▶

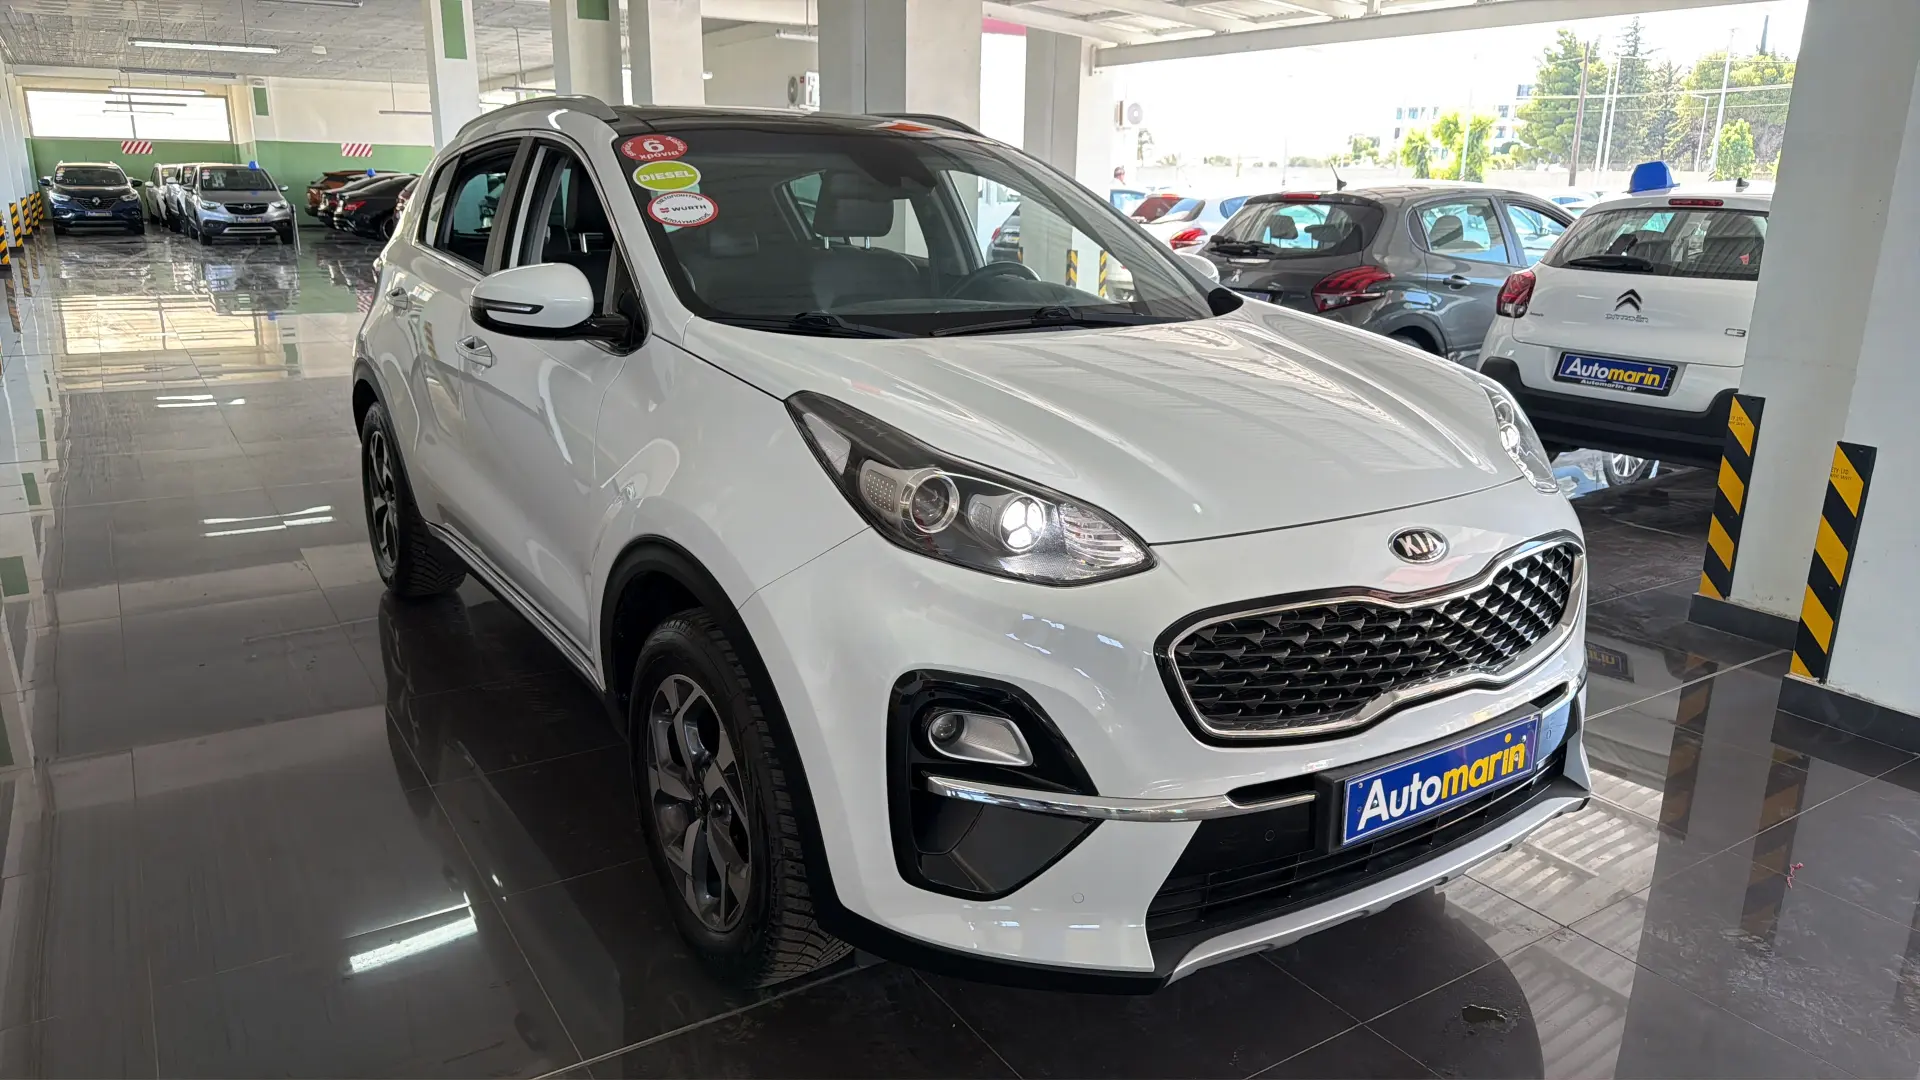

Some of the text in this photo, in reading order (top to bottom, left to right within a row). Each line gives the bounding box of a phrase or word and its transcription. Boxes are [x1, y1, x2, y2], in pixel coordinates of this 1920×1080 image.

[643, 140, 665, 152] 6
[639, 171, 693, 182] DIESEL
[1565, 357, 1660, 387] Automarin
[1580, 378, 1637, 391] Automarin.gr
[1396, 531, 1439, 557] KIA
[1357, 734, 1525, 830] Automarin

◀

**EXERCISE**
Set down the whole listing word for word, omitting the pictures.

**RESULT BELOW**
Some of the text in this photo, in reading order (top to bottom, left to right within a row). Each line gives the bounding box of a phrase or word and its transcription. Boxes are [x1, y1, x2, y2], in pixel coordinates of this 1920×1080 image.

[643, 140, 665, 152] 6
[639, 171, 693, 182] DIESEL
[1565, 357, 1660, 387] Automarin
[1580, 378, 1637, 391] Automarin.gr
[1396, 531, 1439, 557] KIA
[1357, 734, 1525, 830] Automarin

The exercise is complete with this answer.